> [ABOUT THIS EXERCISE]:
Verbatim transcription with images omitted: return the entries below in full.

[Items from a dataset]
☆ ☆ ☆ ☆ ☆ ☆ ☆
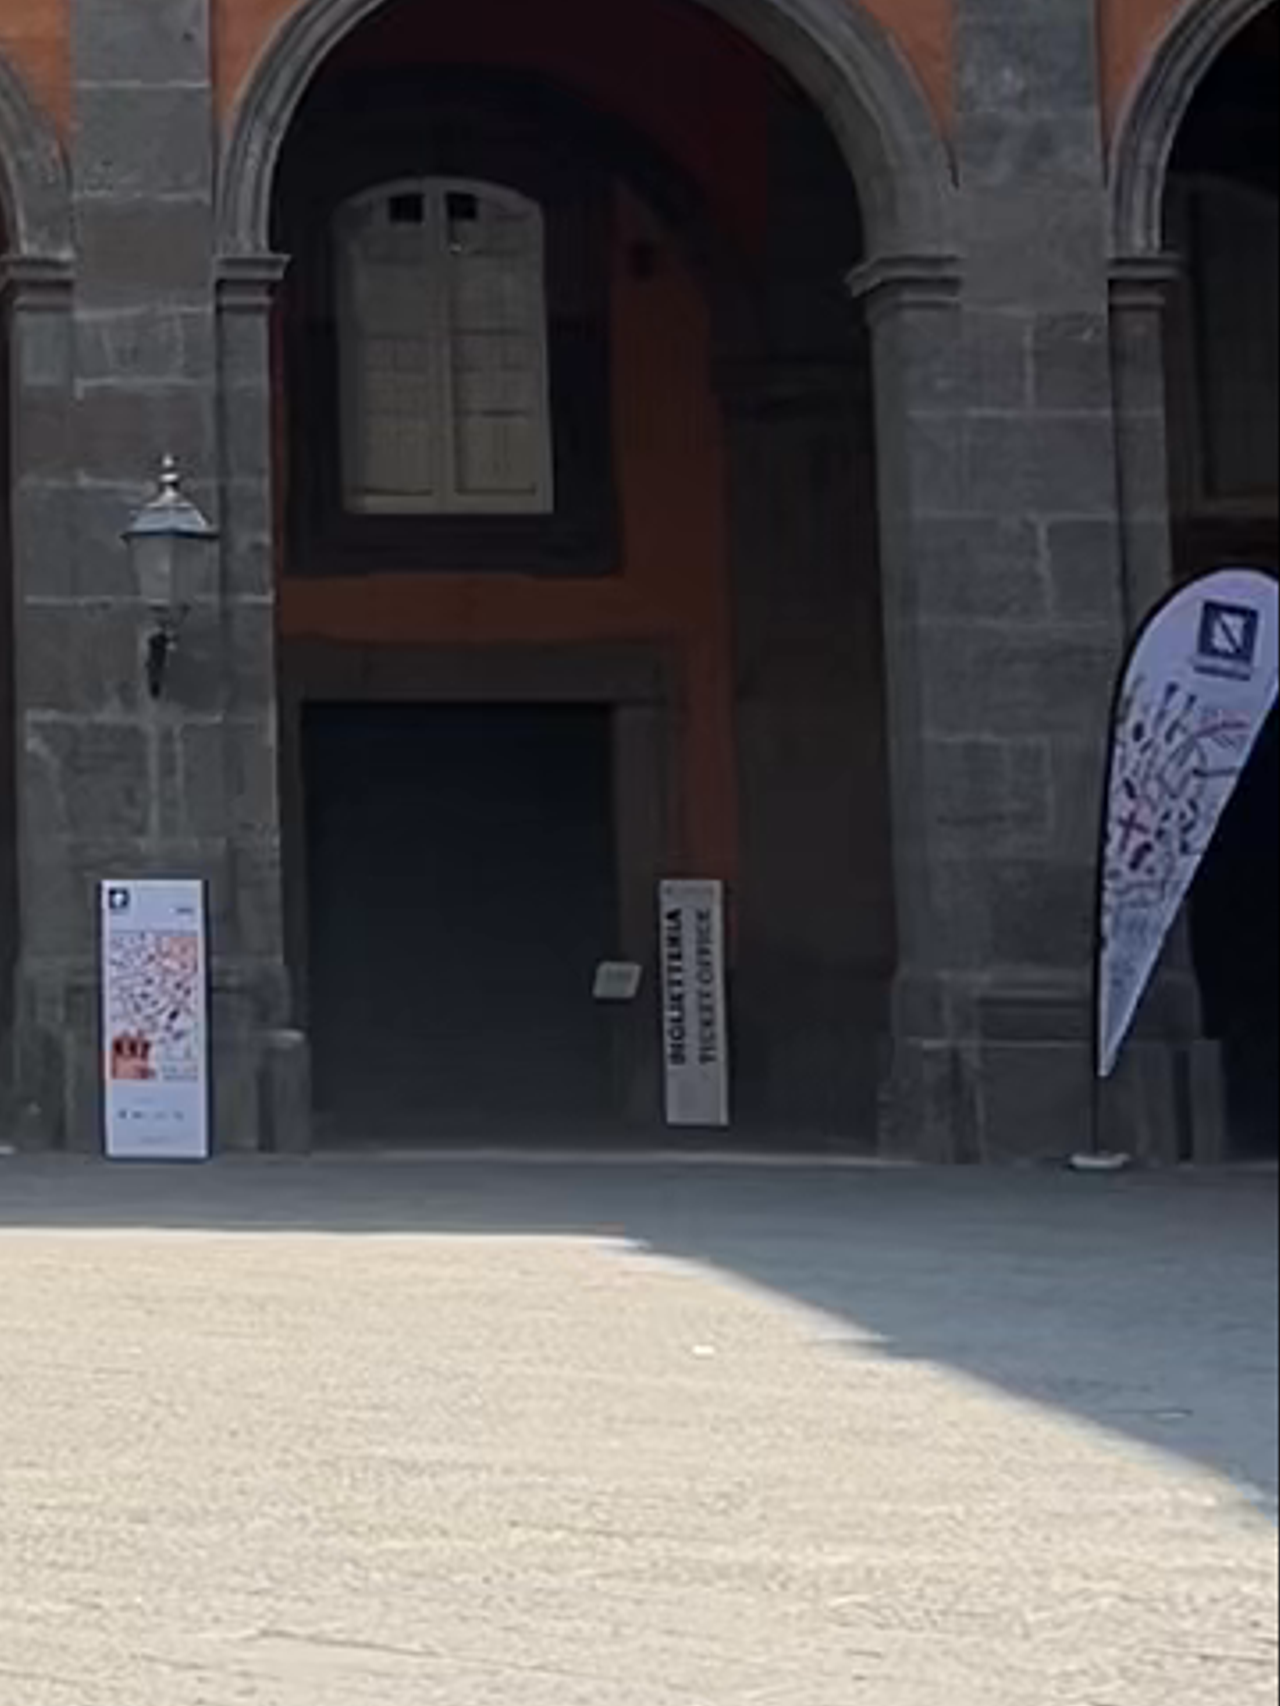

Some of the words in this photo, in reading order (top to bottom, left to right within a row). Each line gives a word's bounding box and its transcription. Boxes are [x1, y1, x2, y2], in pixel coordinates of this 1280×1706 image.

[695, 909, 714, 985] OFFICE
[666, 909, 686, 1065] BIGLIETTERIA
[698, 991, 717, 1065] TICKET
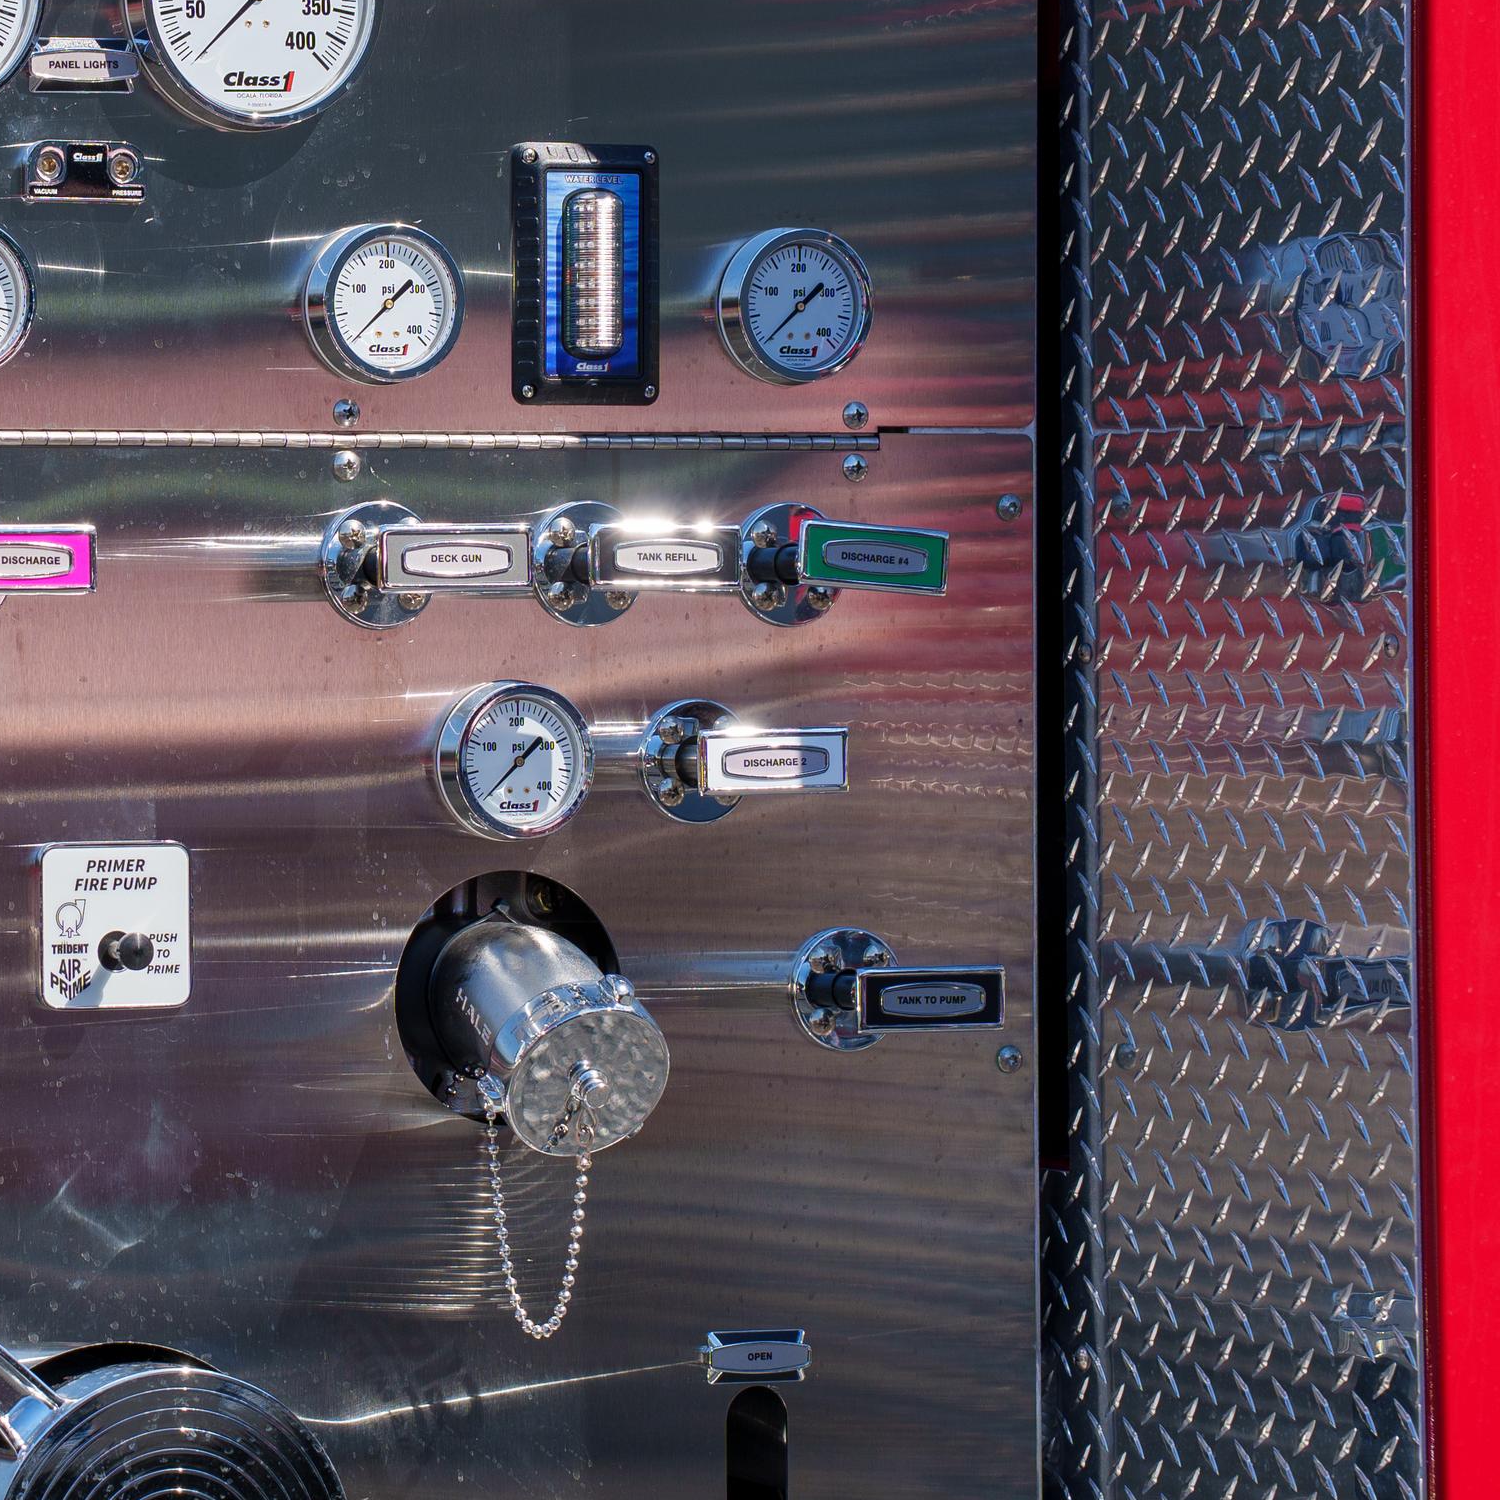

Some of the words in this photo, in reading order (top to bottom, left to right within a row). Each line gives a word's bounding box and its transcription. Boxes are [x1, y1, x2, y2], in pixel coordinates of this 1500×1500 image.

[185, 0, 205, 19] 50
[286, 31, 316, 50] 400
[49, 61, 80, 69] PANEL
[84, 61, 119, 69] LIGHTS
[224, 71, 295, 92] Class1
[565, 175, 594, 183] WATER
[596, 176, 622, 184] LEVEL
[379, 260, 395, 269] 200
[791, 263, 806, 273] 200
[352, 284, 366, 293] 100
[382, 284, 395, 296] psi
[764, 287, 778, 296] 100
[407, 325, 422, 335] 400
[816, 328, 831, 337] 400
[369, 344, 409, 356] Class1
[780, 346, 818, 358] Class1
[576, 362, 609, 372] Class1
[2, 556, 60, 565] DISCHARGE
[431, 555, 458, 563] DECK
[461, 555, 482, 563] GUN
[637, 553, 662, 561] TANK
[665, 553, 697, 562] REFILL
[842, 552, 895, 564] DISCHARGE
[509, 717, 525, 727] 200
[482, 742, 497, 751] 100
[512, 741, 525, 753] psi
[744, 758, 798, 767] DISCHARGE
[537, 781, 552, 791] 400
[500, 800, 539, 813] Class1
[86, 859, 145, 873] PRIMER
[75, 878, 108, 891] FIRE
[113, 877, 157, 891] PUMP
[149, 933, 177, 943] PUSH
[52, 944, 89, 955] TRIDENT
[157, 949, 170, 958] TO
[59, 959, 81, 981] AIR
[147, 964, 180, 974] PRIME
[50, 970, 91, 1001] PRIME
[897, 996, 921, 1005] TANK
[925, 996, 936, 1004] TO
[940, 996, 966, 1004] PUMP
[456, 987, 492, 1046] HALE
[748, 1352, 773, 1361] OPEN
☆ ☆ ☆ ☆ ☆ ☆ ☆
> [EXERCISE SOLUTION]:
Some of the words in this photo, in reading order (top to bottom, left to right within a row). Each line gives a word's bounding box and its transcription. Boxes are [x1, y1, x2, y2], in pixel coordinates of this 1280×1706 image.

[695, 909, 714, 985] OFFICE
[666, 909, 686, 1065] BIGLIETTERIA
[698, 991, 717, 1065] TICKET

Some of the words in this photo, in reading order (top to bottom, left to right within a row). Each line gives a word's bounding box and its transcription. Boxes are [x1, y1, x2, y2], in pixel coordinates of this 1500×1500 image.

[185, 0, 205, 19] 50
[286, 31, 316, 50] 400
[49, 61, 80, 69] PANEL
[84, 61, 119, 69] LIGHTS
[224, 71, 295, 92] Class1
[565, 175, 594, 183] WATER
[596, 176, 622, 184] LEVEL
[379, 260, 395, 269] 200
[791, 263, 806, 273] 200
[352, 284, 366, 293] 100
[382, 284, 395, 296] psi
[764, 287, 778, 296] 100
[407, 325, 422, 335] 400
[816, 328, 831, 337] 400
[369, 344, 409, 356] Class1
[780, 346, 818, 358] Class1
[576, 362, 609, 372] Class1
[2, 556, 60, 565] DISCHARGE
[431, 555, 458, 563] DECK
[461, 555, 482, 563] GUN
[637, 553, 662, 561] TANK
[665, 553, 697, 562] REFILL
[842, 552, 895, 564] DISCHARGE
[509, 717, 525, 727] 200
[482, 742, 497, 751] 100
[512, 741, 525, 753] psi
[744, 758, 798, 767] DISCHARGE
[537, 781, 552, 791] 400
[500, 800, 539, 813] Class1
[86, 859, 145, 873] PRIMER
[75, 878, 108, 891] FIRE
[113, 877, 157, 891] PUMP
[149, 933, 177, 943] PUSH
[52, 944, 89, 955] TRIDENT
[157, 949, 170, 958] TO
[59, 959, 81, 981] AIR
[147, 964, 180, 974] PRIME
[50, 970, 91, 1001] PRIME
[897, 996, 921, 1005] TANK
[925, 996, 936, 1004] TO
[940, 996, 966, 1004] PUMP
[456, 987, 492, 1046] HALE
[748, 1352, 773, 1361] OPEN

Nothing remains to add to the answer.